_Problem to work on_
Images stay out; everything else in the records is to be set down exactly.

_Dataset records_
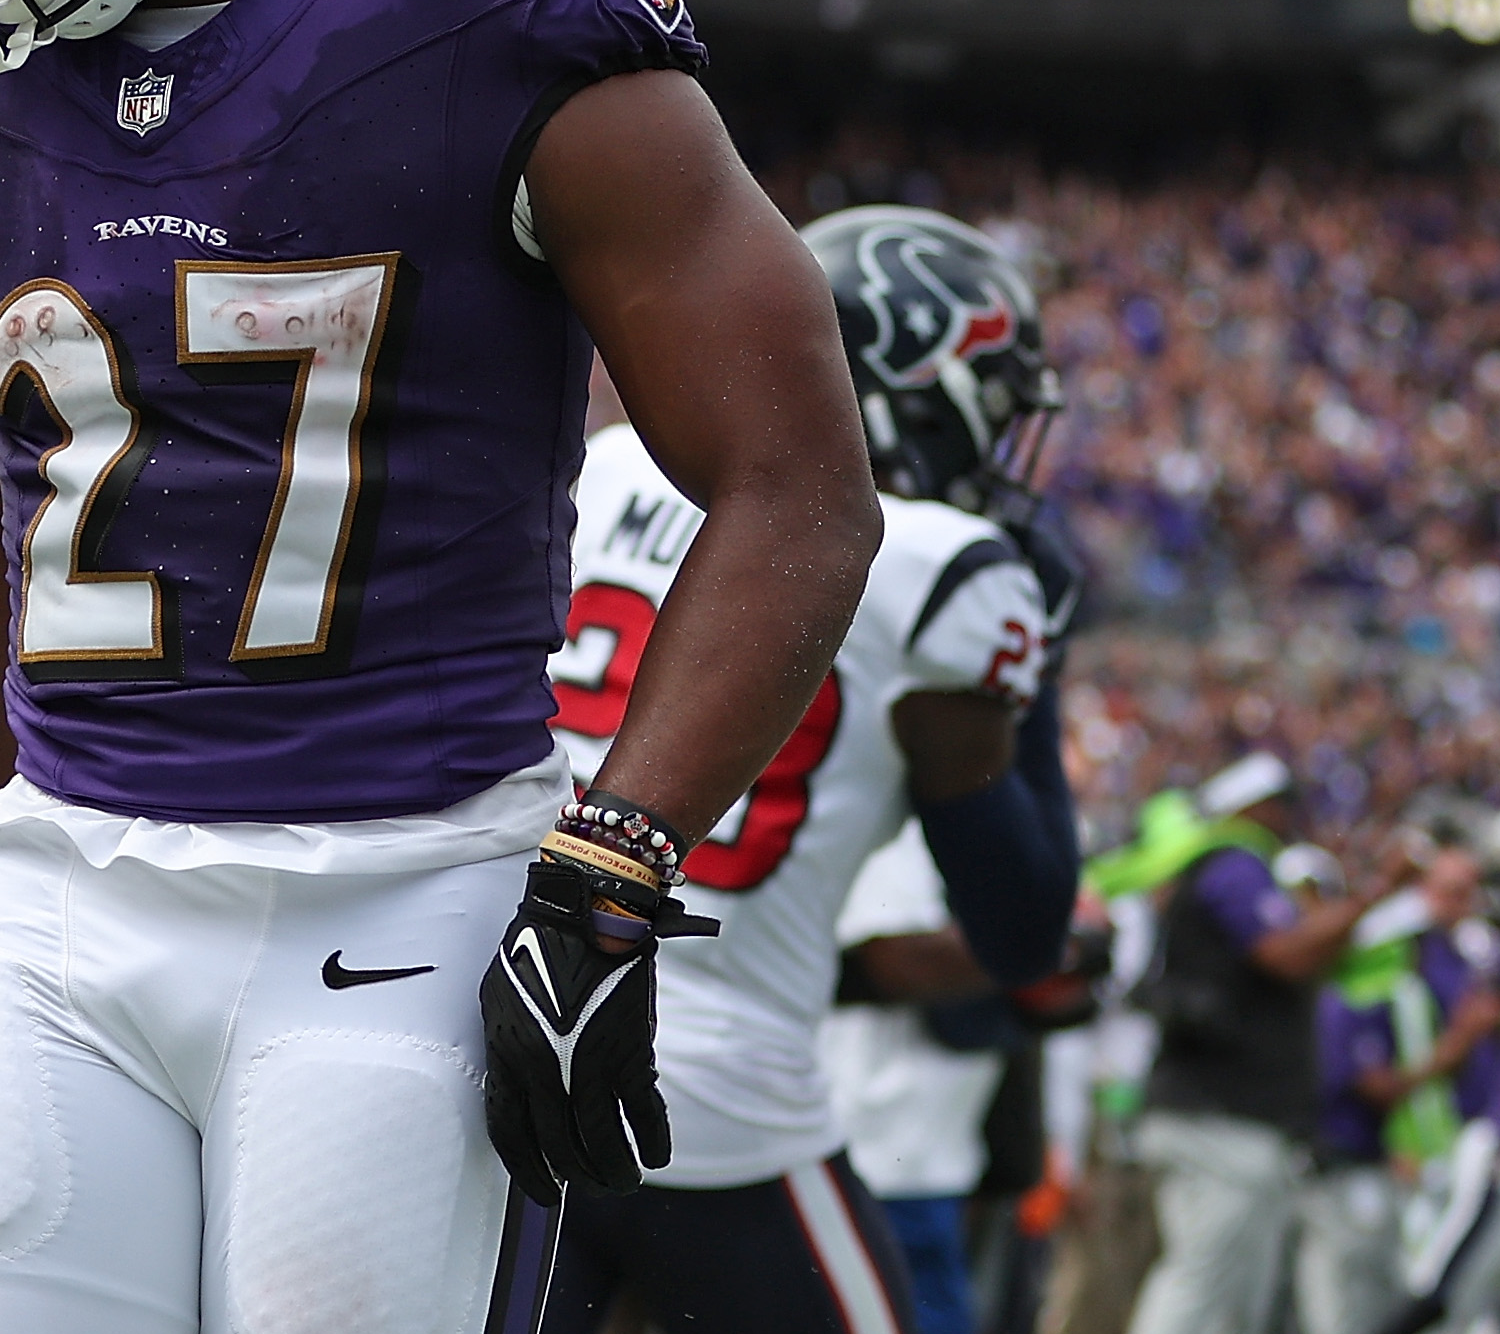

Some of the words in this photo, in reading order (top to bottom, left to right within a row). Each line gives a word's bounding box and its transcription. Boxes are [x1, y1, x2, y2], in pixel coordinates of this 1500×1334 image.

[125, 97, 161, 123] NFL
[93, 215, 228, 246] RAVENS
[555, 838, 590, 855] FORCES
[592, 851, 634, 875] SPECIAL
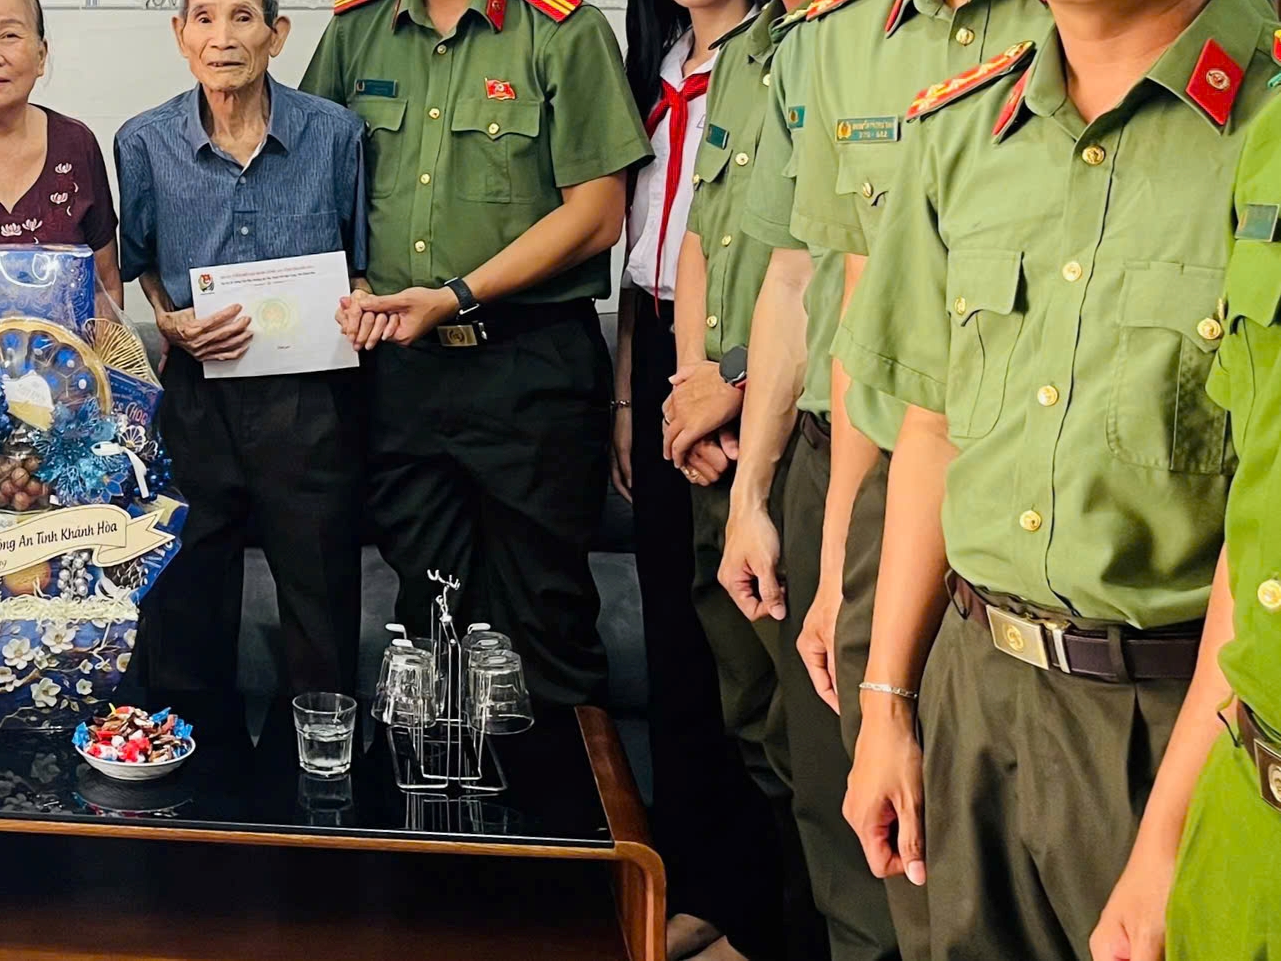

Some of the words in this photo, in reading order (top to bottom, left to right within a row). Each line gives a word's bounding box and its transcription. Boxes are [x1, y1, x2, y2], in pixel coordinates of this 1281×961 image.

_Finished task_
Some of the words in this photo, in reading order (top to bottom, left to right within a row). Each line gives a word's bounding box and its transcription. Boxes are [x1, y1, x2, y2], in pixel coordinates of this 1500×1334 image.

[125, 97, 161, 123] NFL
[93, 215, 228, 246] RAVENS
[555, 838, 590, 855] FORCES
[592, 851, 634, 875] SPECIAL

Some of the words in this photo, in reading order (top to bottom, left to right within a row). Each line gives a word's bounding box and its transcription. Boxes are [x1, y1, x2, y2], in pixel coordinates of this 1281×961 image.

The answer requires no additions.